> [Problem to work on] Please return each entry exactly as it appears, but not the pictures.

> [Records to process]
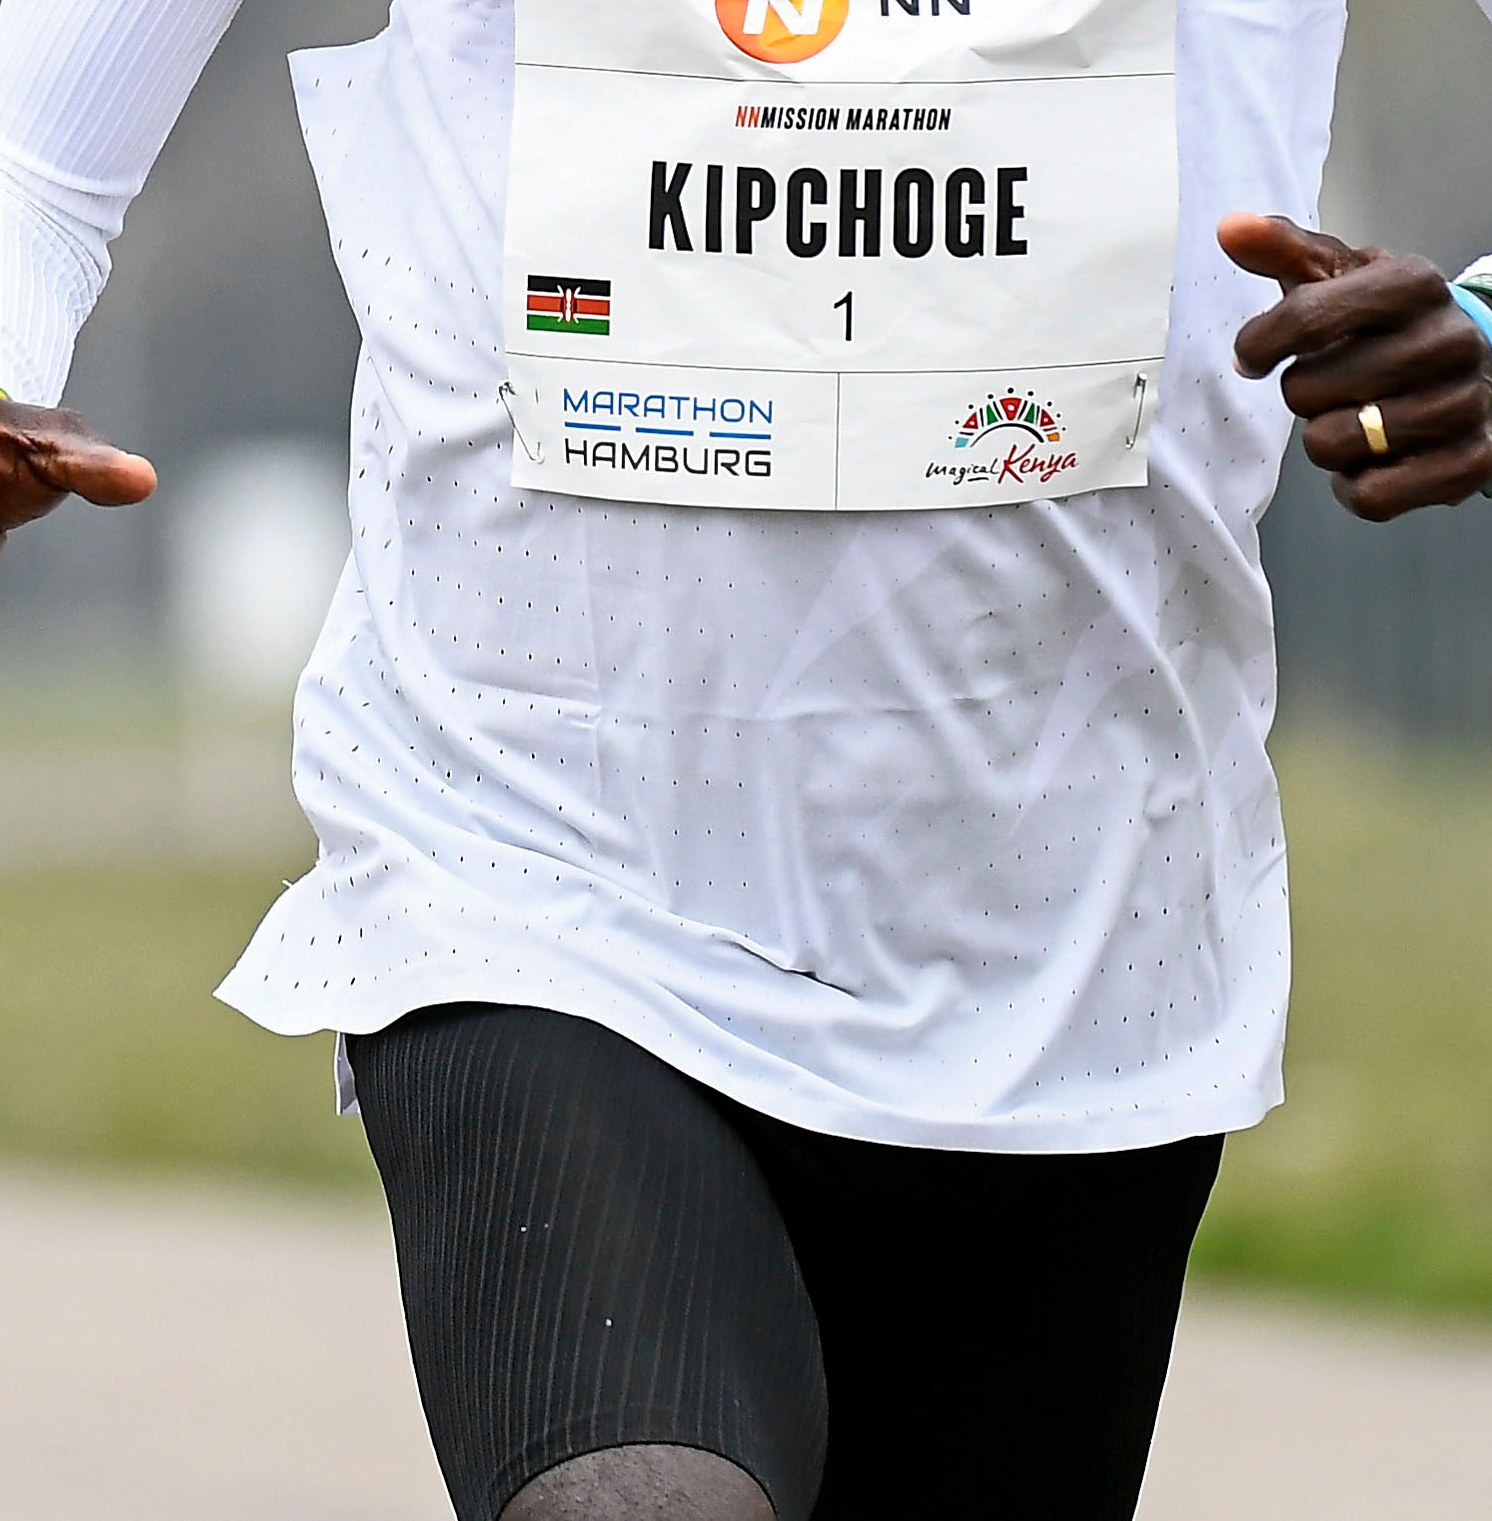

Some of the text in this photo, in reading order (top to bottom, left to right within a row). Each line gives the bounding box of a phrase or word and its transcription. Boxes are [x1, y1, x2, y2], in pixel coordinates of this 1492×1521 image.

[845, 107, 952, 131] MARATHON
[648, 160, 1028, 259] KIPCHOGE
[833, 291, 854, 342] 1
[563, 388, 773, 424] MARATHON
[564, 437, 772, 477] HAMBURG
[997, 443, 1078, 485] Kenya

> [Solution to this exercise]
Some of the text in this photo, in reading order (top to bottom, left to right within a row). Each line gives the bounding box of a phrase or word and its transcription. Boxes are [x1, y1, x2, y2], in pixel coordinates of this 1492×1521 image.

[845, 107, 952, 131] MARATHON
[648, 160, 1028, 259] KIPCHOGE
[833, 291, 854, 342] 1
[563, 388, 773, 424] MARATHON
[564, 437, 772, 477] HAMBURG
[997, 443, 1078, 485] Kenya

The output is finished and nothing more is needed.